Posted on : 2008-01-28 11:08 KST Modified on : 2008-01-28 11:08 KST
Shredded documents, modified data and office renovation lead to another Everland warehouse search

The investigation into Samsung Group hit a new level after the first traces of evidence that Samsung Fire & Marine Insurance, a non-life insurance unit of Samsung Group, destroyed audit documents and other financial records before the prosecution raided its offices on Friday in connection with an ongoing investigation into allegations that it helped the nation’s largest conglomerate to create slush funds with customers’ money.

A special investigative team, which is carrying out an investigation into the Samsung case, continued its work yesterday, combing through 107 boxes of documents gleaned from the offices of Samsung Fire & Marine Insurance for evidence. In the afternoon, it summoned a vice president of Samsung Corp. for questioning on whether he was involved in making bank accounts using borrowed names.
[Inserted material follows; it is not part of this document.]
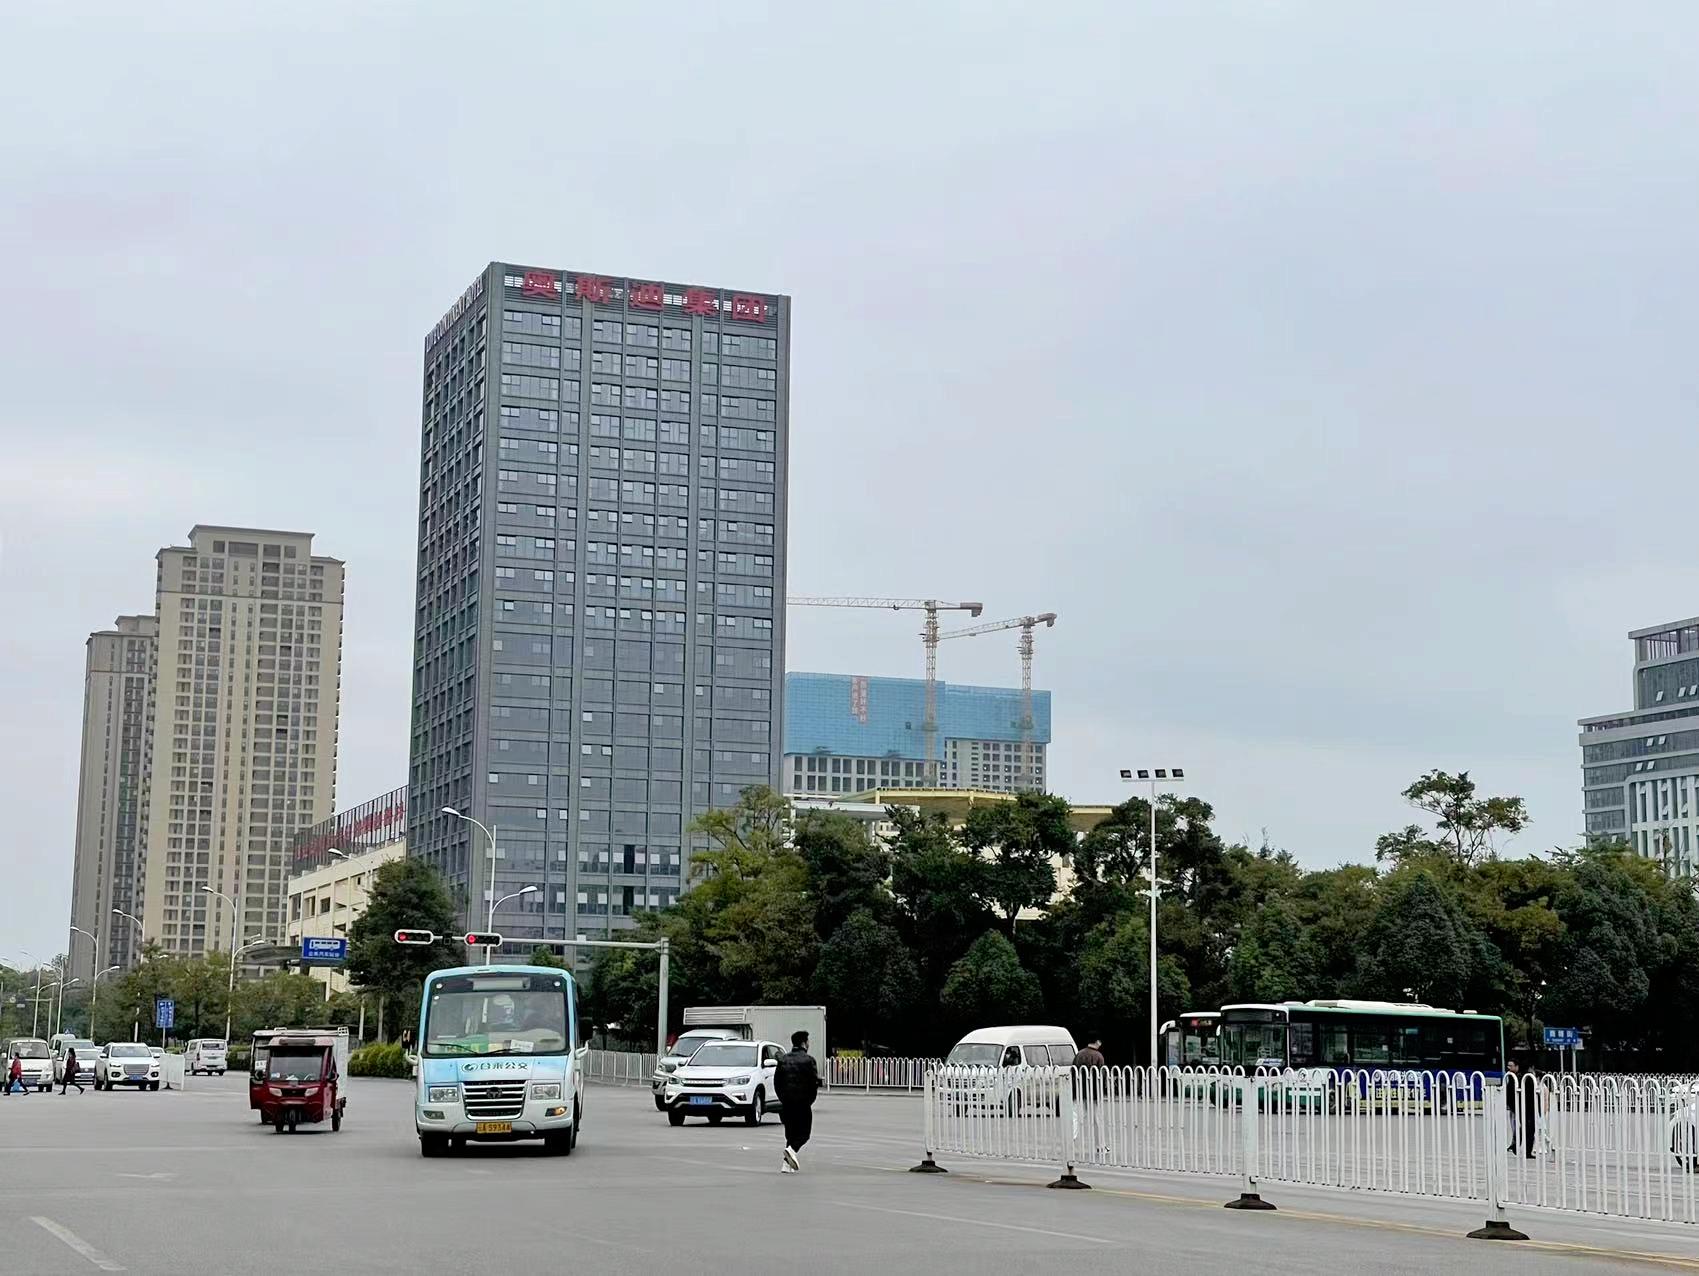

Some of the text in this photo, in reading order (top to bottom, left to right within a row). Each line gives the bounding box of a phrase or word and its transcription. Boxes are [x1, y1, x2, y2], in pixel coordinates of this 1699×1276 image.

The special team is currently investigating allegations that Samsung and its affiliates created a network of slush funds which were then used to bribe government officials and other influential figures in exchange for business favors. Prosecutors suspect the funds were created via a number of illegal accounting practices, with one of the main suspicions being that the names of its top executives were used to create dummy bank accounts in which the slush funds were hidden.
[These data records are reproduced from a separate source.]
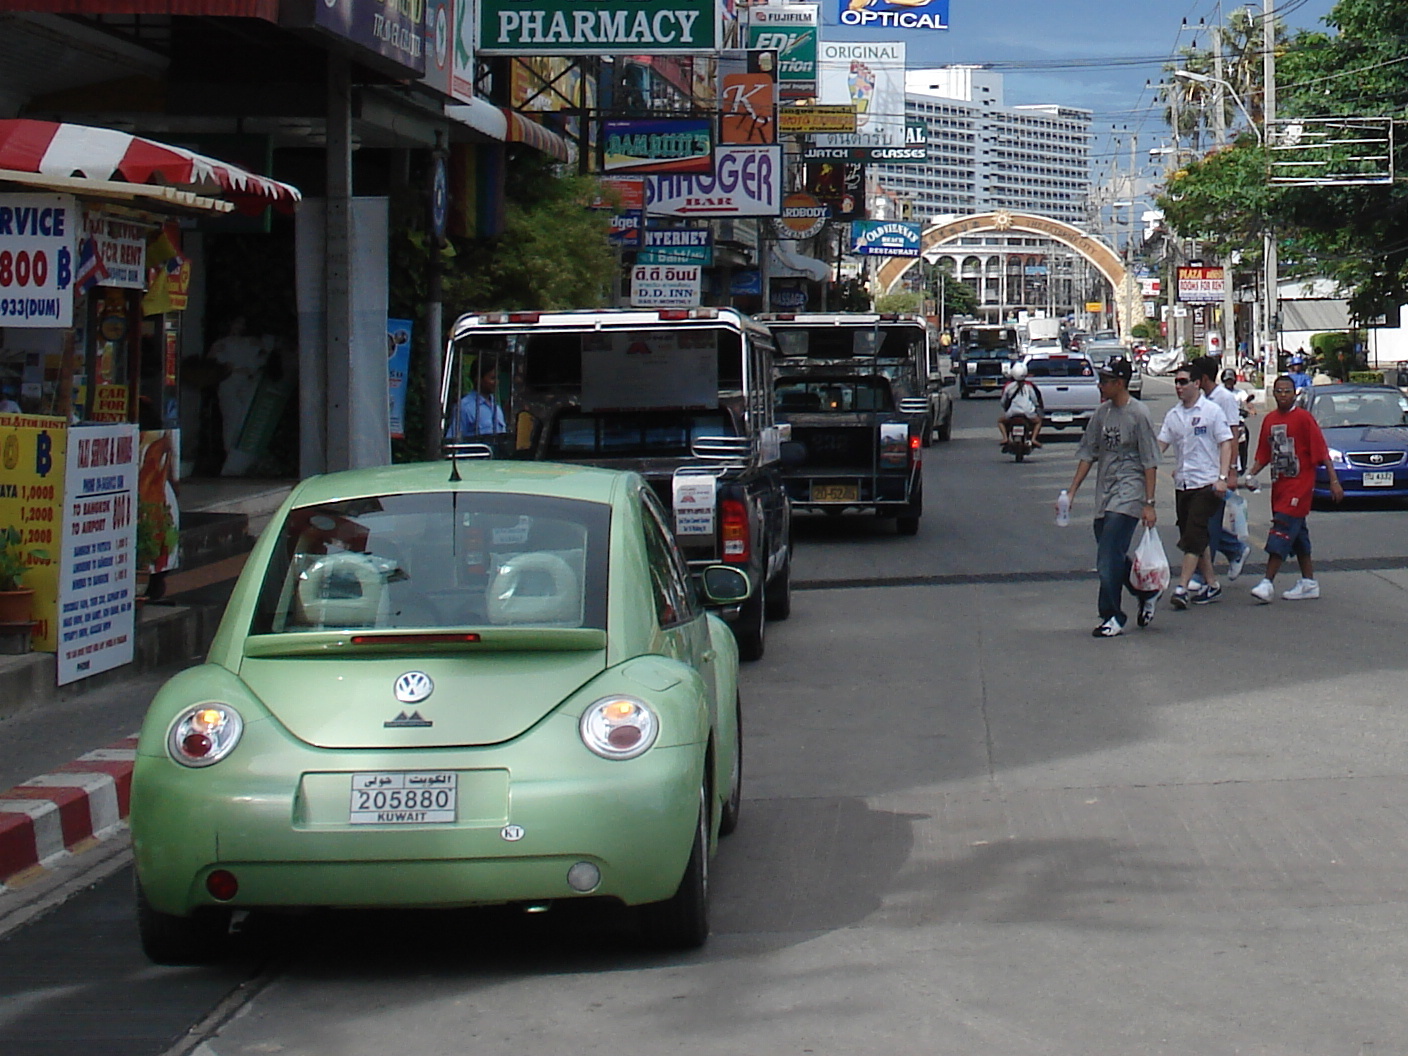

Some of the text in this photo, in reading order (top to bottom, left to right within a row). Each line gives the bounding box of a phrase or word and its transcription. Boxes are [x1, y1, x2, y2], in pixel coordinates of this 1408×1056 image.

[768, 12, 812, 21] FUJIFILM
[840, 10, 947, 29] OPTICAL
[497, 10, 700, 43] PHARMACY
[825, 45, 898, 59] ORIGINAL
[804, 149, 849, 158] WATCH
[871, 149, 925, 158] GLASSES
[685, 197, 733, 206] BAR
[121, 244, 142, 265] RENT
[868, 247, 919, 256] RESTAURANT
[1179, 269, 1203, 279] PLAZA
[669, 289, 693, 298] INN
[99, 388, 125, 399] CAR
[100, 400, 124, 411] FOR
[82, 518, 106, 534] AIRPORT
[358, 790, 448, 809] 205880
[377, 812, 427, 822] KUWAIT
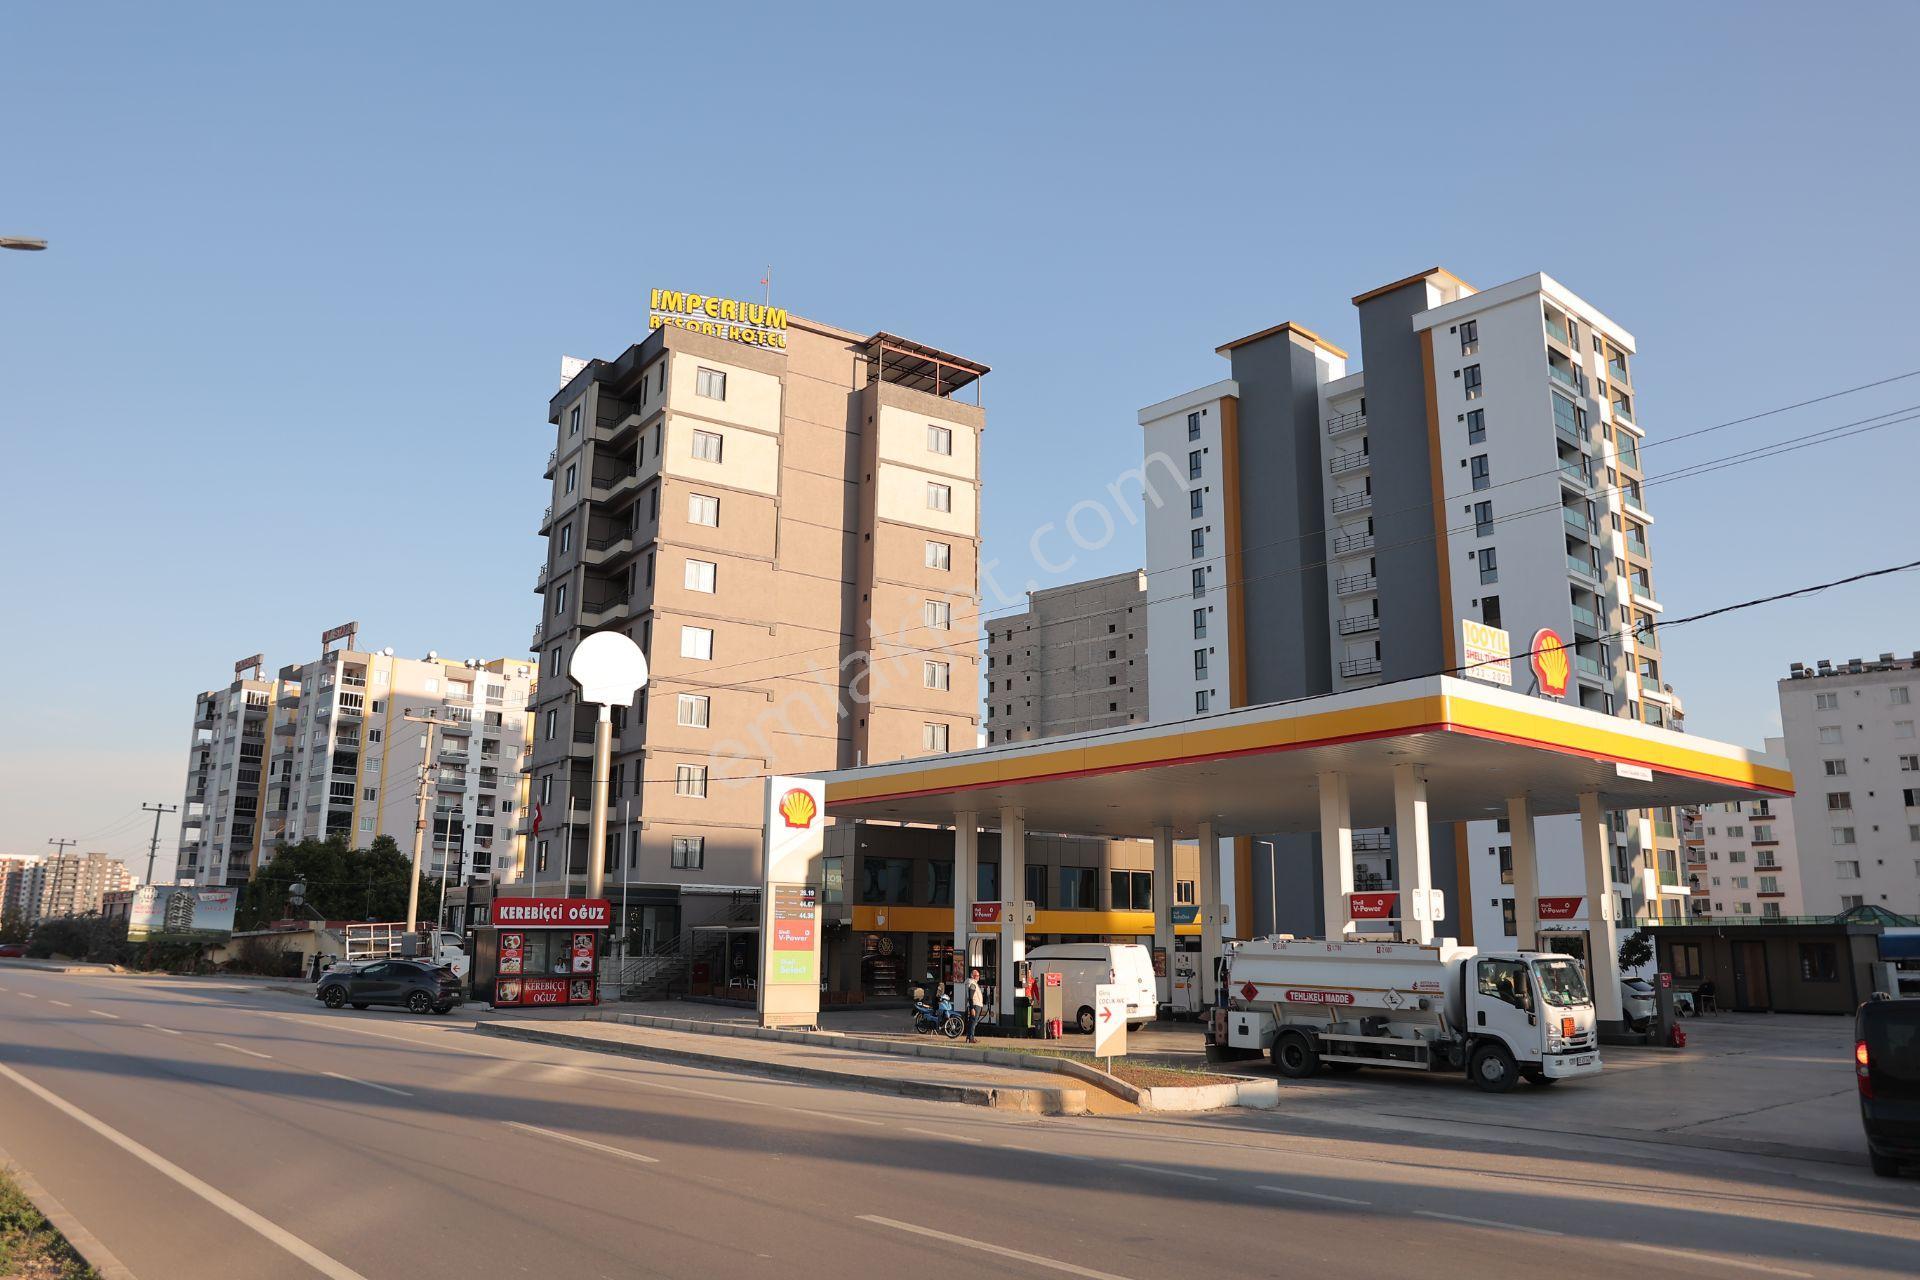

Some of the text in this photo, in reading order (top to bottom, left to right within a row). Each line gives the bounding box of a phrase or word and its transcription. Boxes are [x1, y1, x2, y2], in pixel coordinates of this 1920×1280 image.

The raid came after the investigative team received a tip-off from a former Samsung Fire official, sources said. During the search, it reportedly found a massive amount of destroyed documents in shredding machines and evidence that electronic financial data had been modified or computers replaced just a day before the raid.

Also found were traces of evidence that Samsung Fire had hastily renovated an office on the 22nd floor of its building. Investigators suspect the office was the hiding place for a secret safe that held money used for bribes.
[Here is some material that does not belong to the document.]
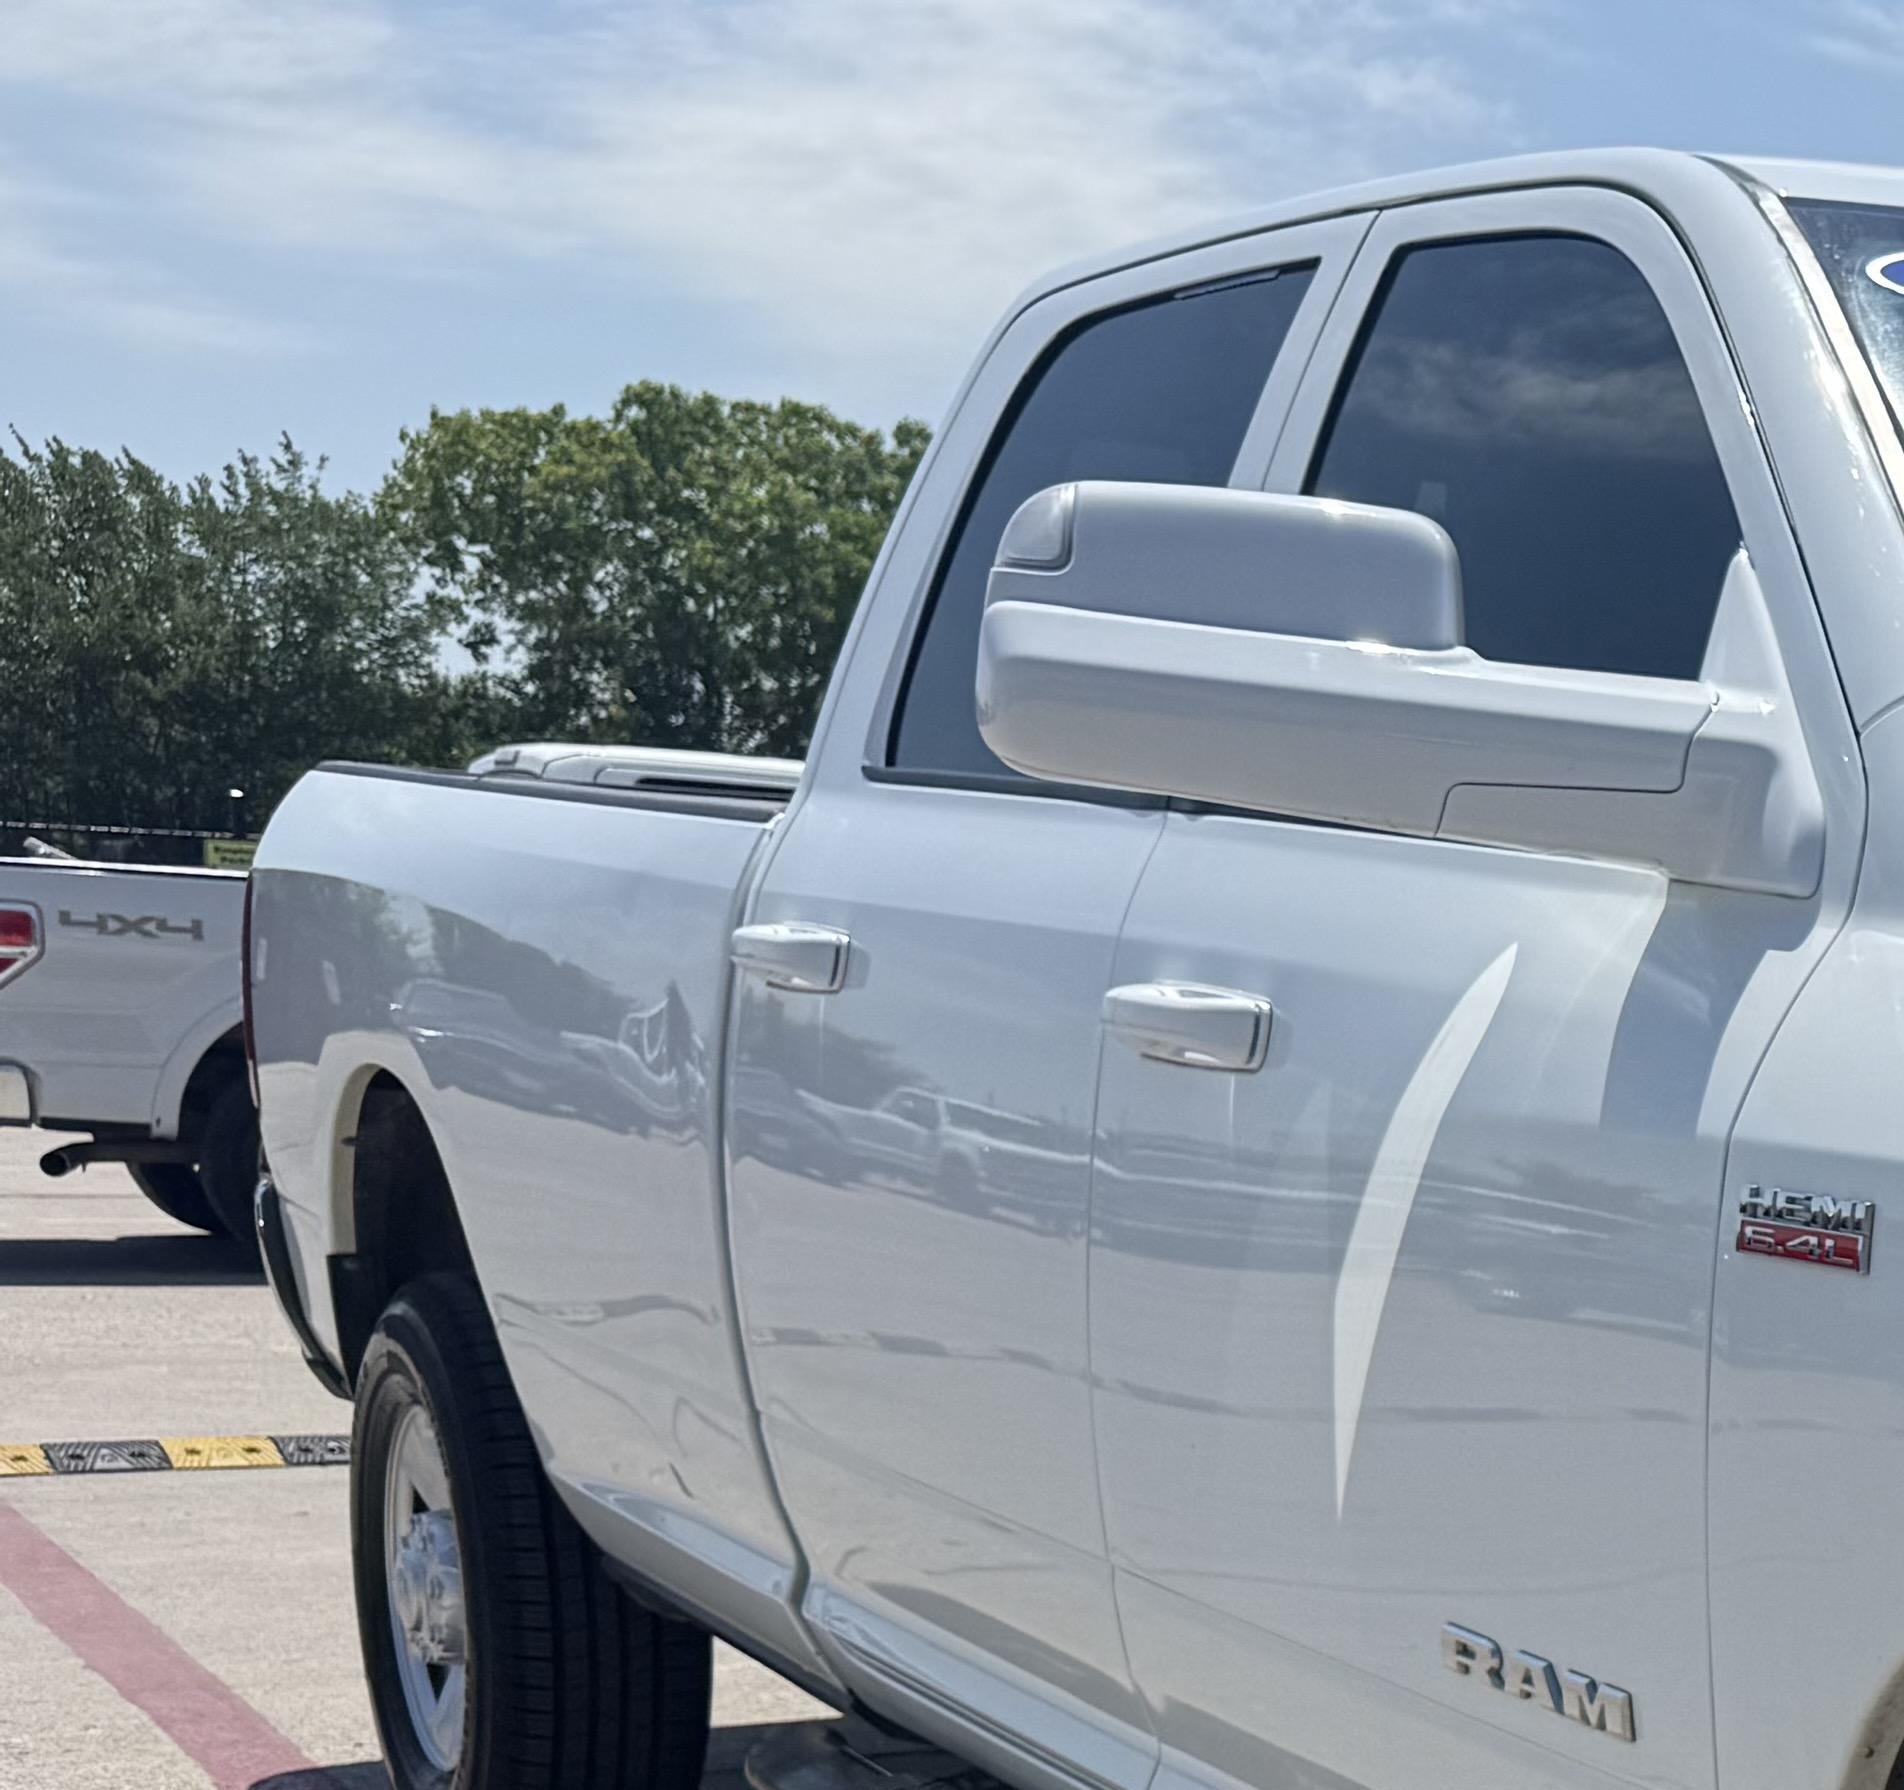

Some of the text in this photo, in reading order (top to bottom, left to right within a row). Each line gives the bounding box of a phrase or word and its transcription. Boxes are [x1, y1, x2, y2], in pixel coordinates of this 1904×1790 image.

[1739, 1184, 1876, 1234] HEMI
[1744, 1225, 1853, 1265] 6.4L
[1440, 1620, 1637, 1743] RAM
The existence of the safe was alleged by Kim Yong-cheol, the former chief of Samsung’s legal affairs department who came forward last fall with allegations against the group. His allegations have become the basis for the current investigation being conducted by a specially appointed independent counsel and a team of special investigators.

Failing to obtain the necessary evidence in the Friday raid, the special investigative team searched a document storage facility in another building owned by Samsung Fire and located near Everland, Samsung’s family theme park in Yongin, south of Seoul, on Saturday. Sources close to the team said, however, that “Few materials were found in the search.”

Of the evidence secured at the document storage facility, the team is concentrating on data filed from 1999 to 2002. An informant who said that he had been responsible for the creation of slush funds during that period reported that the bank accounts related to the slush funds he had created had been specially marked.

The investigative team also arrested four Samsung Group executives, including Jeong Ki-cheol, Samsung’s chief financial officer, during the raid on January 25. The four are charged with having used unpaid insurance money to create another series of slush funds and are prohibited from leaving the country. Jeong, like other executives, has denied that bank accounts created in his name were used to hide slush funds.

Those arrested also include Won Jong-woon, executive managing director of Cheil Industries, Inc., and Park Gi-seong, executive managing director of Samsung Corp., both of whom were questioned about their involvement in creation of the dummy bank accounts.